Apesar da chuva de informações que desabou a respeito de Maysa ― Quando fala o coração (e agora são os altos índices de audiência que coroam a minissérie), tinha resolvido não assisti-la porque, forçosamente, perderia os últimos capítulos de Pantanal...

Acabei deixando a tevê sintonizada na Globo depois de A Favorita e fui sugada não só pelos tais olhos verdes de Maysa, mas também pelos excelentes figurino (Marilia Carneiro e Lucia Daddario) e fotografia (Affonso Beato) da série. Aos poucos, minha família toda foi aparecendo, primeiro assistindo em pé, depois puxando uma cadeira, se ajeitando no sofá, até o final do primeiro capítulo. Ou seja, a narrativa cortada em flashbacks também deu certo. O telespectador, nesta minissérie escrita por Manoel Carlos e dirigida por Jayme Monjardim, não é tratado como burro, como se fosse apenas capaz de compreender as narrativas lineares e bem explicitadas.

Além disso, o tratamento muitas vezes plano dirigido às personagens na teledramaturgia não teve vez em Maysa.

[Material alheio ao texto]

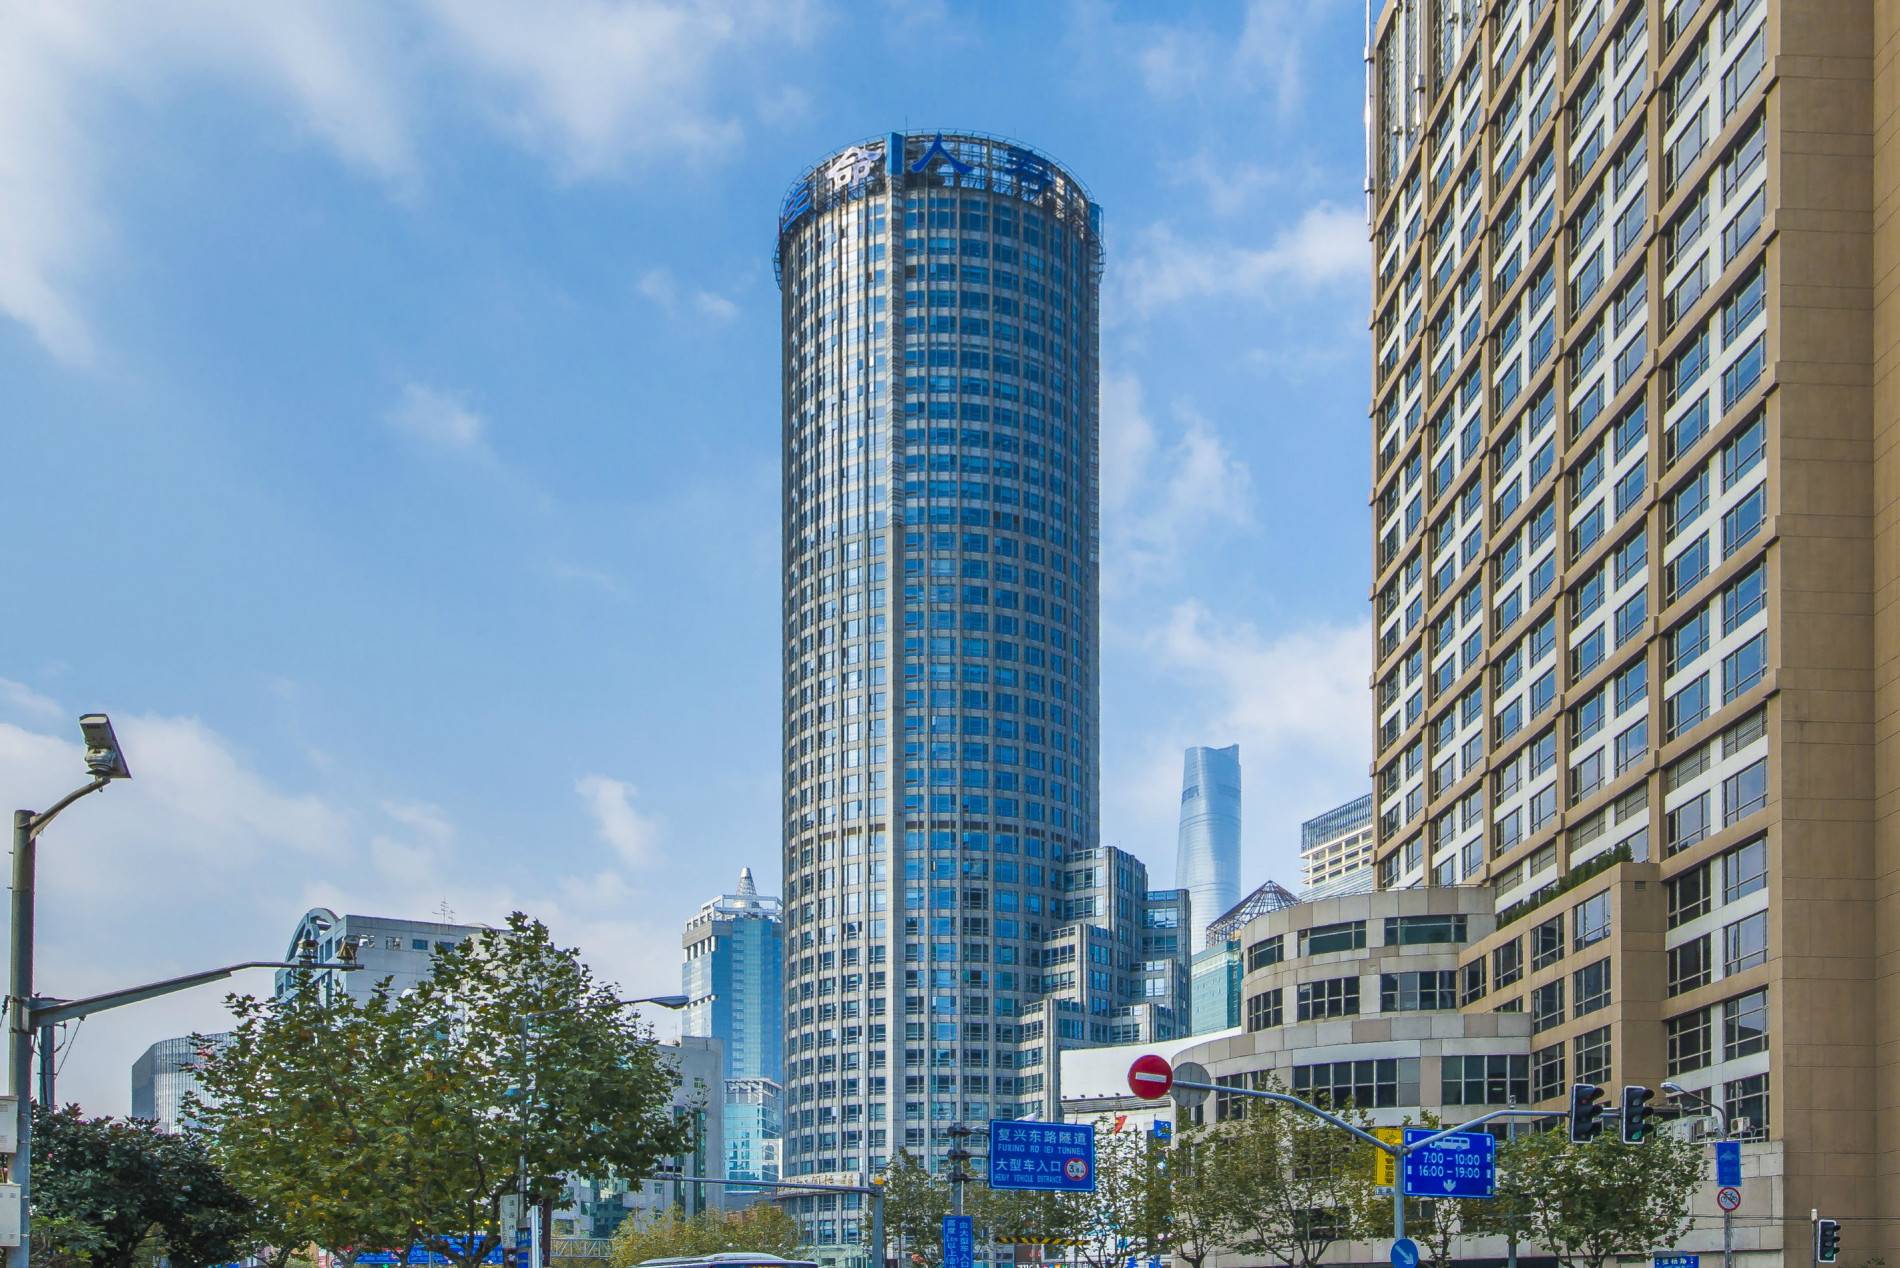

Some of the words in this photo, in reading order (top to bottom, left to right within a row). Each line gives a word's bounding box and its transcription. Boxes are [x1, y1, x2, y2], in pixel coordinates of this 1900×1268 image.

E prende a atenção quando podemos nos enxergar assim imperfeitos, contraditórios, doces, violentos, ou seja, nas personagens esféricas, humanas como nós.

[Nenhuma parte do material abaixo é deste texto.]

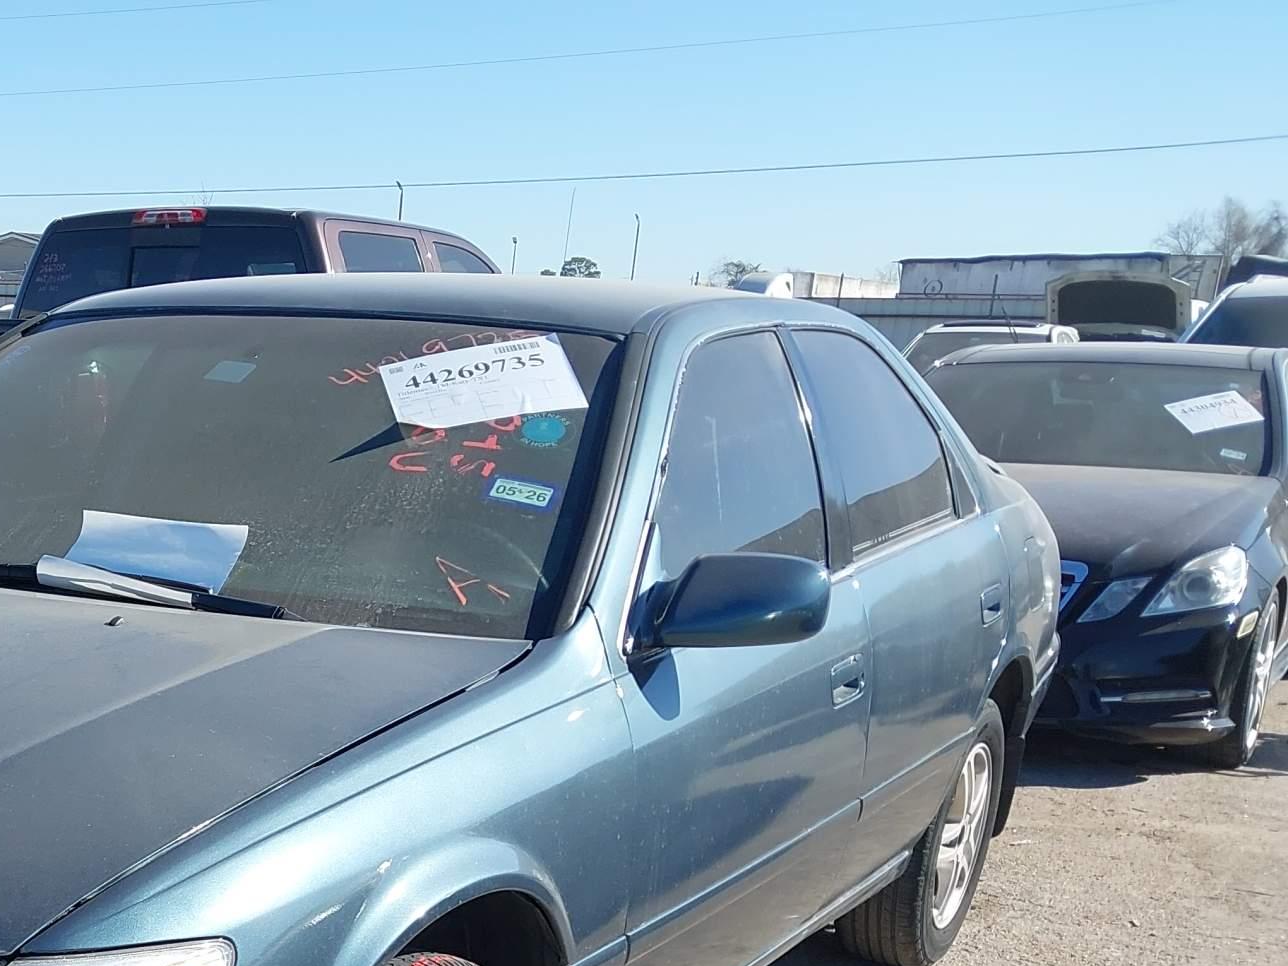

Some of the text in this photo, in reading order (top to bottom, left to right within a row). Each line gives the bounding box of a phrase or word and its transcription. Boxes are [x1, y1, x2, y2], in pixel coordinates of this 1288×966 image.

[405, 353, 545, 389] 44269735
[495, 484, 548, 502] 05 26
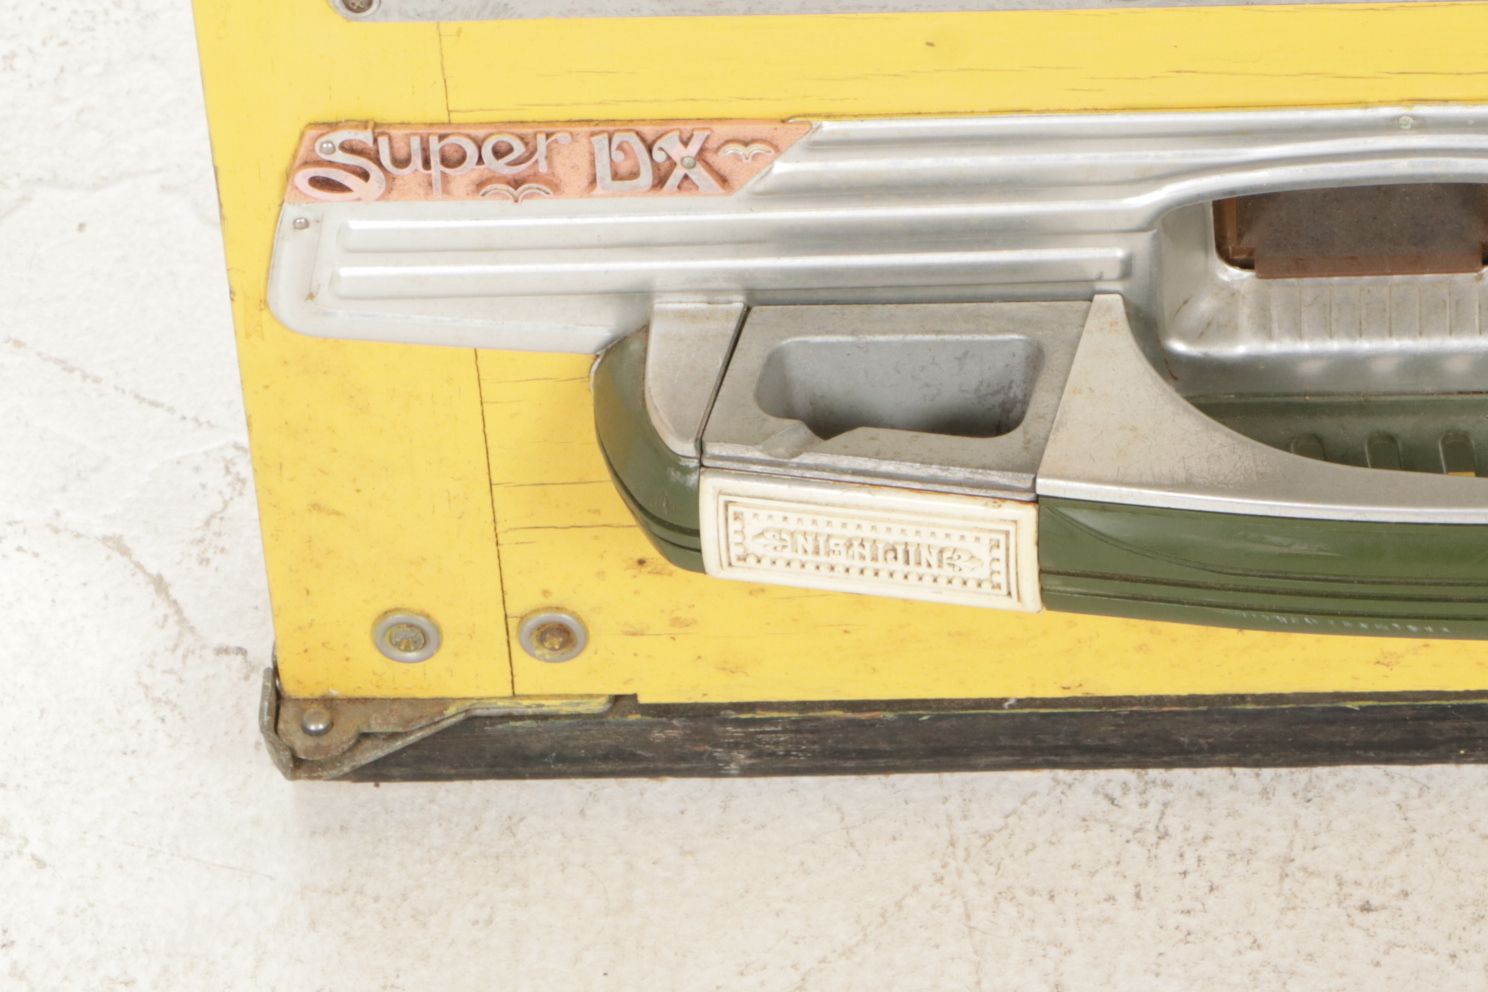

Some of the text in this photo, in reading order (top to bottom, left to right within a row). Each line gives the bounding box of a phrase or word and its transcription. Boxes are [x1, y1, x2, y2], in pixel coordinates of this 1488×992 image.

[294, 128, 730, 202] Super DX
[795, 532, 942, 569] NISHIJIN

Talvez melhor do que a atuação da protagonista Larissa Maciel, como uma Maysa um tanto artificial, seja o convincente Eduardo Semerjian, no papel de André Matarazzo, inspirando austeridade e doçura por trás do sisudo bigode da época.

Ainda que algumas falas de Maysa possam parecer um tanto grandiloquentes ou exageradas, é um mérito a mais pois, se mais do que contar uma história a minissérie quer mostrar a vida de uma mulher ousada e que fazia o que queria (ou o que o coração mandasse), nada mais justo.